The company will remain a distinct group within Google, working closely with Google DeepMind and tapping into Gemini AI models and Google Cloud. No purchase price was disclosed.
On the surface, this looks like a routine internal reshuffle. It isn’t.
From Moonshot to Mandate
Intrinsic graduated into an independent Alphabet-owned company in 2021 after five years of development within Alphabet’s X, the moonshot research division–the same factory that produced Waymo and Wing. Its mission from the start: make industrial robotics AI accessible to manufacturers who don’t have armies of specialist engineers.
While hardware like robotic arms has become cheaper, programming them remains incredibly complex, often requiring hundreds of hours of manual coding by specialised engineers that can vary based on the particular robot. Intrinsic’s answer to that is Flowstate–a web-based platform that allows users to build robotic applications without having to write thousands of lines of code.
The platform is designed to be hardware-, software-, and AI-model-agnostic. Think of it less as a product and more as an operating layer–one that Google CEO Sundar Pichai has reportedly compared directly to Android. “He said this is the Android of robotics,” Intrinsic CEO Wendy Tan White said, noting that Pichai worked on Chrome and Android before becoming CEO.
Why now, why Google?
The timing isn’t arbitrary. The sequence of hiring Boston Dynamics’ CTO, releasing a standalone robotics SDK, and now absorbing Intrinsic represents a deliberate consolidation of robotics capability inside Google’s core. Taken together, these moves position Google to offer manufacturers something no competitor has assembled quite as cleanly: AI models from DeepMind, deployment software from Intrinsic, and cloud infrastructure from Google Cloud–all under one roof.
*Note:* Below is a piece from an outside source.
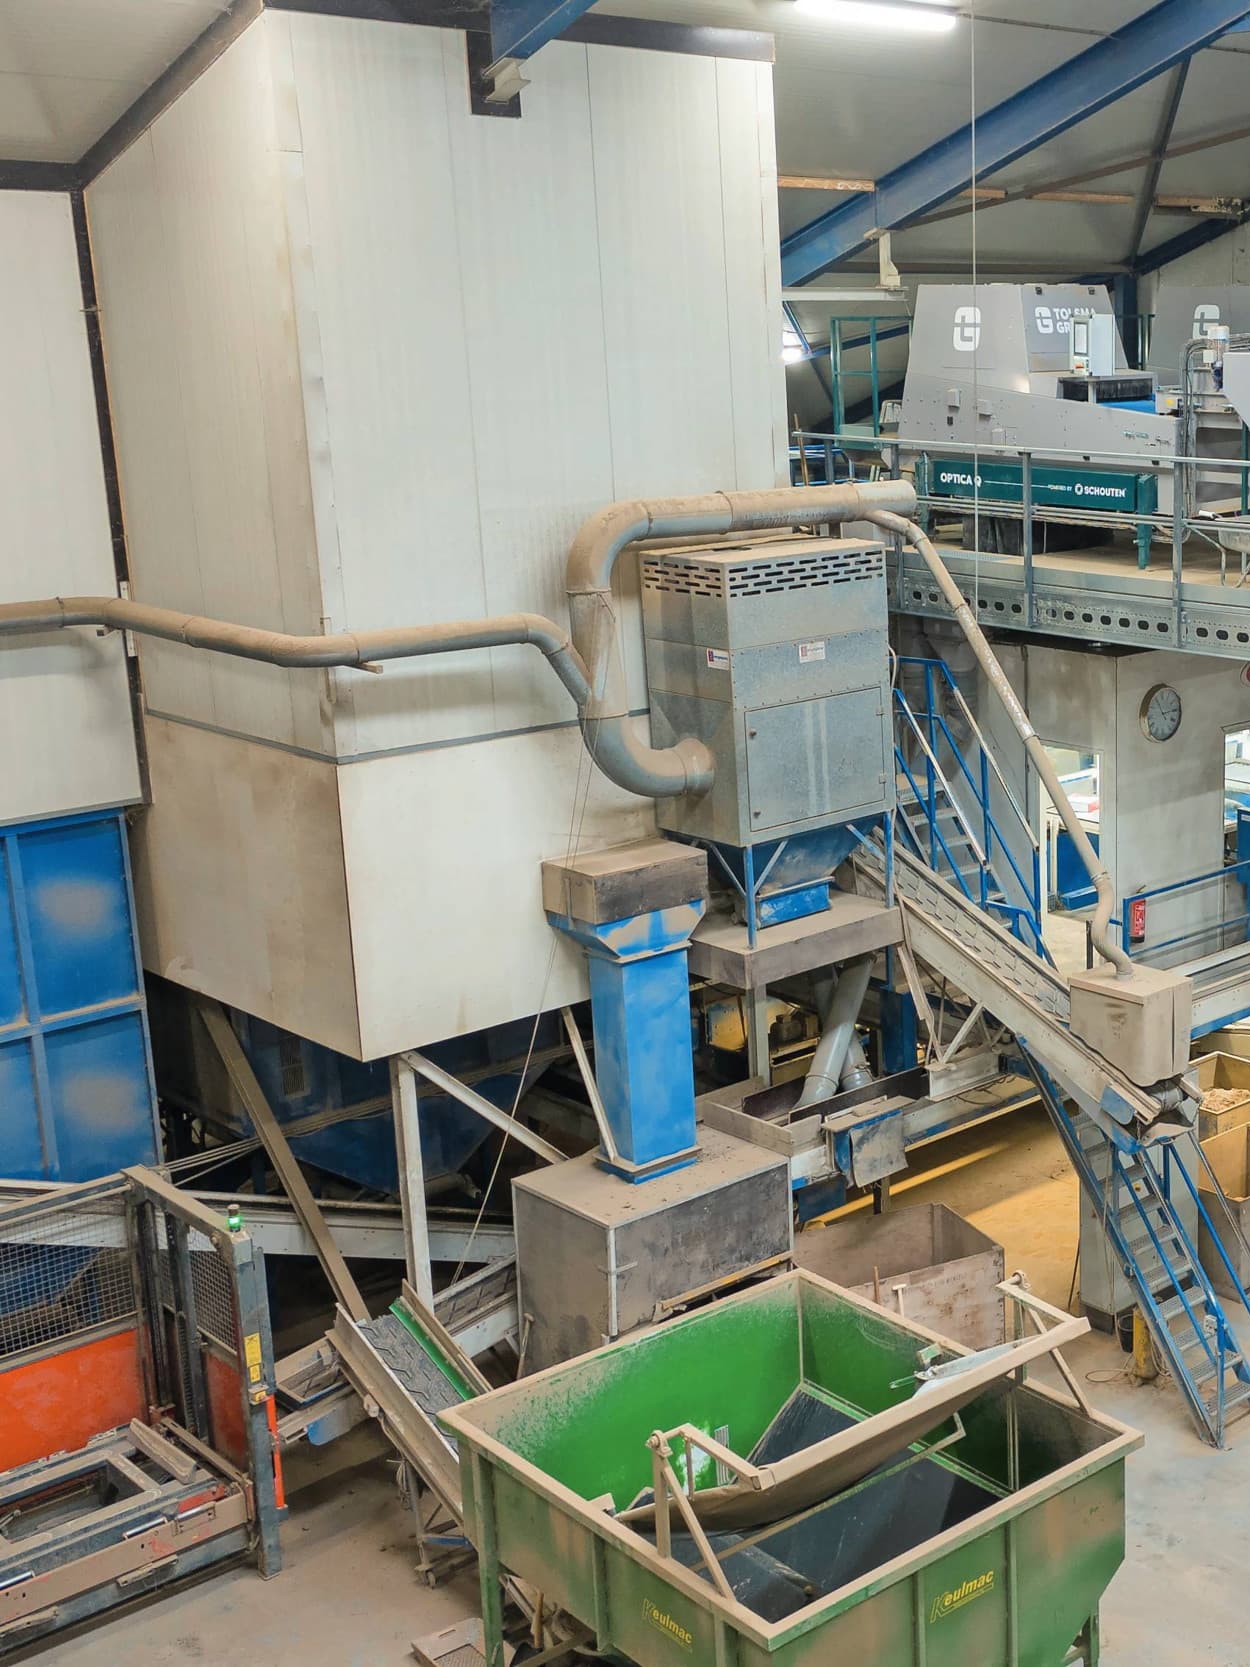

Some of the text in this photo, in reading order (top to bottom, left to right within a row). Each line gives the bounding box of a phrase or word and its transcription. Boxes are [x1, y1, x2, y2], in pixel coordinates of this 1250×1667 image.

[940, 472, 973, 486] OPTICA
[1084, 486, 1126, 498] SCHOUTEN
[929, 1570, 994, 1625] Keulmac
[641, 1598, 693, 1645] Keulmac
Last month, Google also teamed up with Boston Dynamics to integrate Gemini into Atlas humanoid robots built for manufacturing environments, while Google DeepMind hired the former CTO of Boston Dynamics in November.
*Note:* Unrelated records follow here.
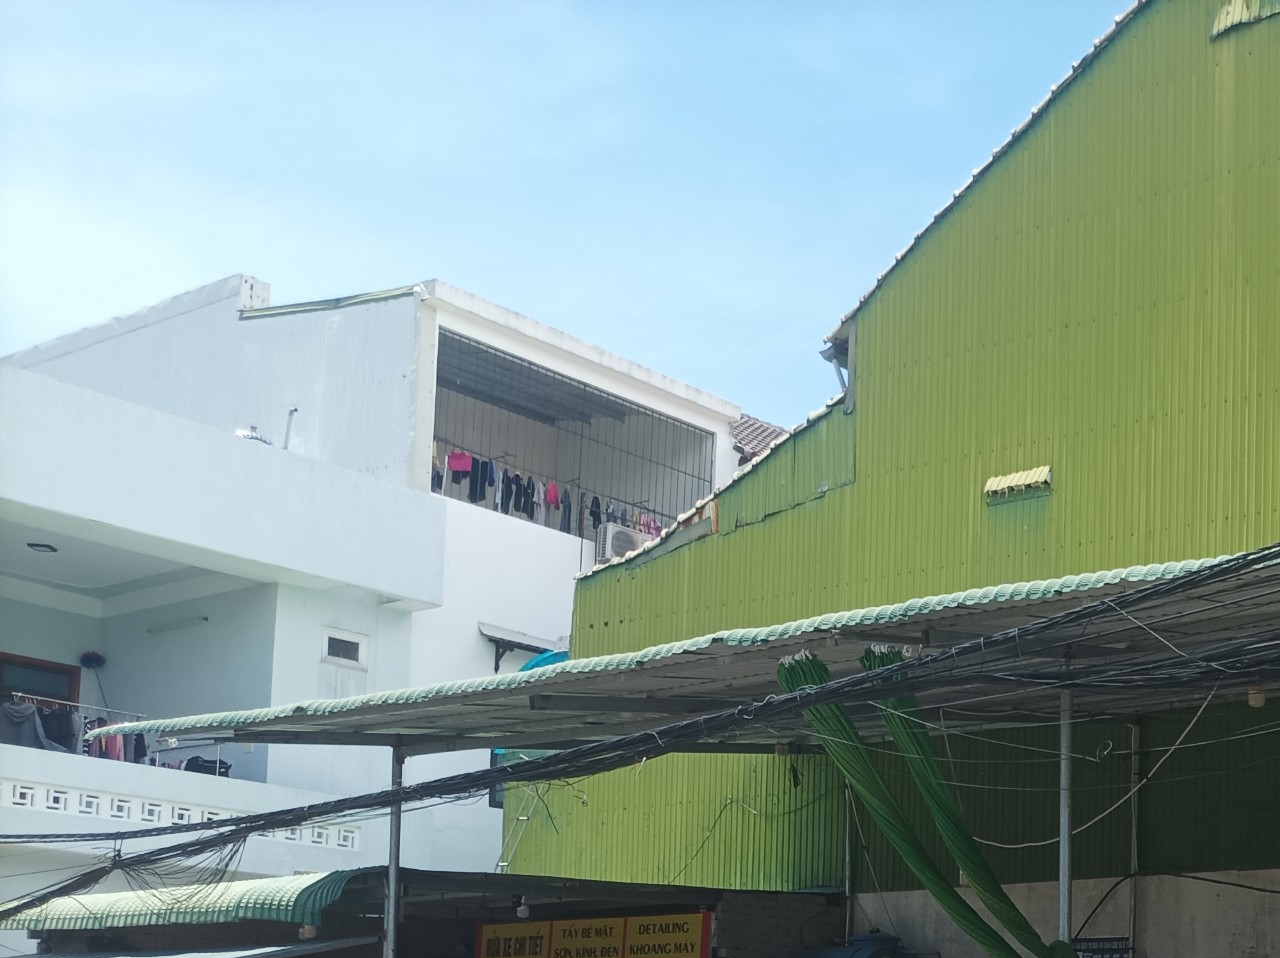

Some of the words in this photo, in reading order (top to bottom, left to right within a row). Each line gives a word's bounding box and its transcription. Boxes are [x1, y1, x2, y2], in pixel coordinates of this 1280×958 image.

[562, 923, 579, 939] TẨY
[594, 923, 614, 941] MẶT
[638, 921, 690, 935] DETAILING
[503, 937, 513, 957] XE
[514, 935, 527, 957] CHI
[528, 928, 544, 956] TIẾT
[600, 943, 619, 958] ĐÈN
[629, 943, 672, 956] KHOANG
[674, 938, 697, 954] MÁY
The industrial robotics AI market Google is chasing is not small. McKinsey projects that the market for general-purpose robots could reach US$370 billion by 2040.
What it means for the enterprise
For enterprise decision-makers, the more interesting signal here isn’t the technology–it’s the accessibility shift. Google plans to integrate Intrinsic’s robotics development platform and vision models with its broader AI ecosystem, combining advanced reasoning, perception and learning capabilities with industrial-grade robotics software to allow machines to interpret sensor data better, adapt to dynamic environments and execute complex tasks.
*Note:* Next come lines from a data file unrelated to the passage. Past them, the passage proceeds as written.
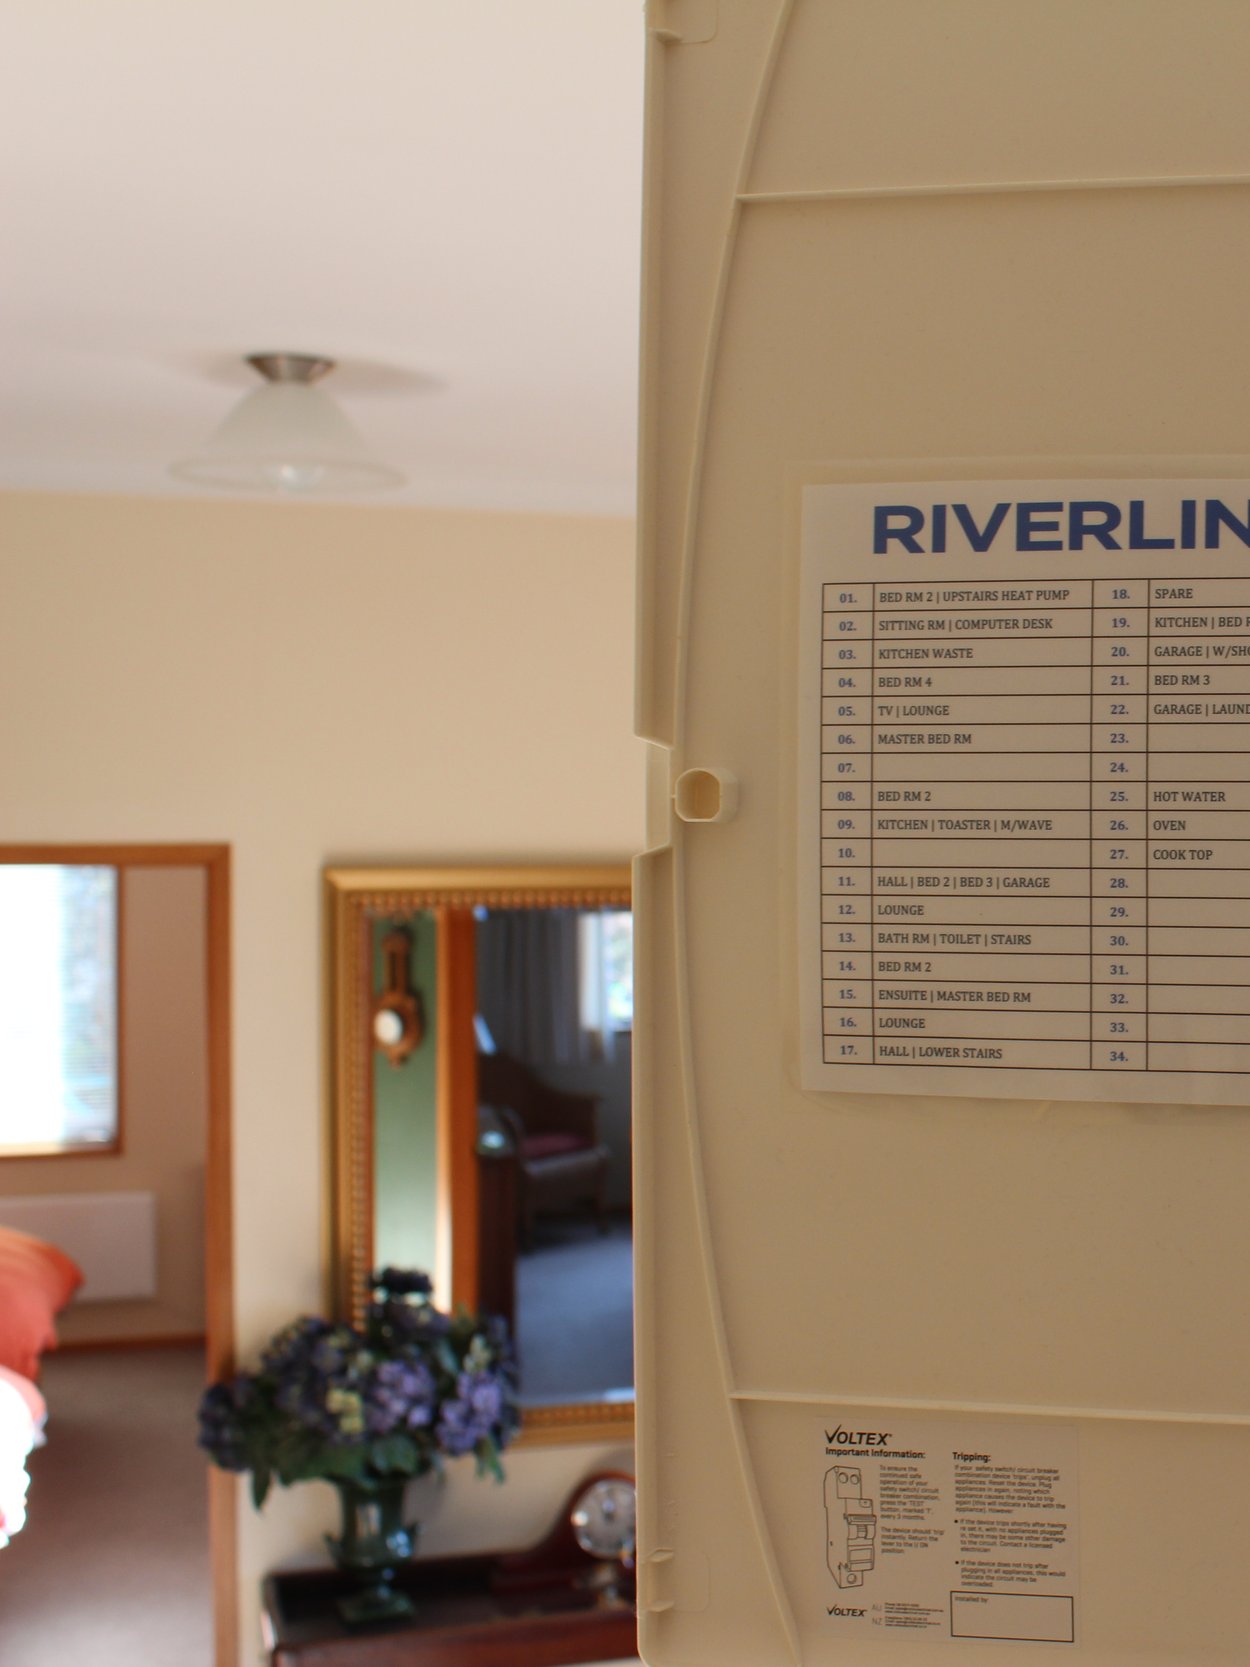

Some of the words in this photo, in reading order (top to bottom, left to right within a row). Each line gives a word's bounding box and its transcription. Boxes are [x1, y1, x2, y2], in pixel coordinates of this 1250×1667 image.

[839, 592, 858, 604] 01.
[879, 591, 903, 603] BED
[905, 591, 923, 602] RM
[926, 591, 933, 602] 2
[942, 590, 999, 602] UPSTAIRS
[1001, 590, 1034, 601] HEAT
[1035, 589, 1070, 601] PUMP
[1112, 588, 1130, 600] 18.
[1154, 587, 1193, 599] SPARE
[838, 620, 857, 632] 02.
[878, 619, 925, 631] SITTING
[927, 619, 945, 630] RM
[954, 619, 1020, 630] COMPUTER
[1022, 618, 1053, 629] DESK
[1111, 617, 1130, 628] 19.
[1154, 616, 1208, 628] KITCHEN
[1218, 616, 1243, 627] BED
[838, 649, 856, 660] 03.
[878, 648, 929, 660] KITCHEN
[931, 647, 973, 659] WASTE
[1110, 646, 1130, 657] 20.
[1153, 645, 1203, 657] GARAGE
[838, 677, 856, 688] 04.
[878, 676, 902, 688] BED
[904, 676, 922, 687] RM
[924, 676, 933, 687] 4
[1110, 675, 1129, 686] 21.
[1154, 674, 1179, 686] BED
[1181, 674, 1200, 685] RM
[1202, 674, 1210, 685] 3
[837, 705, 856, 716] 05.
[877, 705, 894, 716] TV
[902, 704, 950, 716] LOUNGE
[1110, 704, 1129, 715] 22.
[1153, 703, 1202, 715] GARAGE
[837, 734, 856, 745] 06.
[877, 733, 925, 744] MASTER
[927, 733, 951, 744] BED
[953, 733, 972, 744] RM
[837, 790, 855, 802] 08.
[877, 790, 901, 802] BED
[903, 790, 922, 802] RM
[924, 790, 931, 802] 2
[1109, 791, 1129, 802] 25.
[1153, 791, 1180, 802] HOT
[1180, 791, 1226, 802] WATER
[836, 819, 855, 830] 09.
[877, 819, 928, 830] KITCHEN
[937, 819, 991, 830] TOASTER
[1000, 819, 1053, 832] M/WAVE
[1109, 819, 1129, 831] 26.
[1152, 819, 1186, 831] OVEN
[1109, 848, 1128, 860] 27.
[1152, 849, 1187, 860] COOK
[1188, 849, 1213, 860] TOP
[838, 876, 855, 887] 11.
[877, 876, 908, 887] HALL
[917, 876, 941, 887] BED
[942, 876, 950, 887] 2
[959, 876, 984, 888] BED
[985, 876, 993, 888] 3
[1002, 876, 1050, 888] GARAGE
[838, 904, 856, 915] 12.
[877, 904, 924, 916] LOUNGE
[838, 932, 856, 943] 13.
[877, 932, 909, 944] BATH
[911, 932, 930, 944] RM
[938, 933, 982, 945] TOILET
[990, 933, 1032, 945] STAIRS
[839, 960, 856, 971] 14.
[877, 960, 902, 972] BED
[903, 961, 922, 972] RM
[924, 961, 932, 972] 2
[839, 988, 856, 1000] 15.
[878, 989, 927, 1001] ENSUITE
[936, 990, 984, 1002] MASTER
[986, 991, 1010, 1002] BED
[1012, 991, 1031, 1003] RM
[839, 1016, 857, 1027] 16.
[878, 1017, 926, 1029] LOUNGE
[840, 1044, 858, 1055] 17.
[879, 1045, 910, 1057] HALL
[918, 1046, 960, 1058] LOWER
[962, 1047, 1002, 1059] STAIRS
[826, 1447, 869, 1457] Important
[871, 1449, 926, 1459] Information:
[952, 1452, 991, 1463] Tripping:
Intrinsic has also expanded through acquisitions–acquiring the Open Source Robotics Corp. in 2022, the for-profit arm of the foundation behind the Robot Operating System (ROS). And its commercial pipeline is already in motion: in October 2025, Intrinsic formed a strategic partnership with Foxconn focused on developing general-purpose intelligent robots for full factory automation within electronics manufacturing.
White framed the integration in terms enterprise leaders will find hard to ignore: production economics, operational transformation, and what she described as truly advanced manufacturing — all within reach once Google’s infrastructure is fully behind it.
That’s a significant claim. But with Gemini, DeepMind, and Google Cloud now aligned behind it, the infrastructure to back it up is, for the first time, actually there.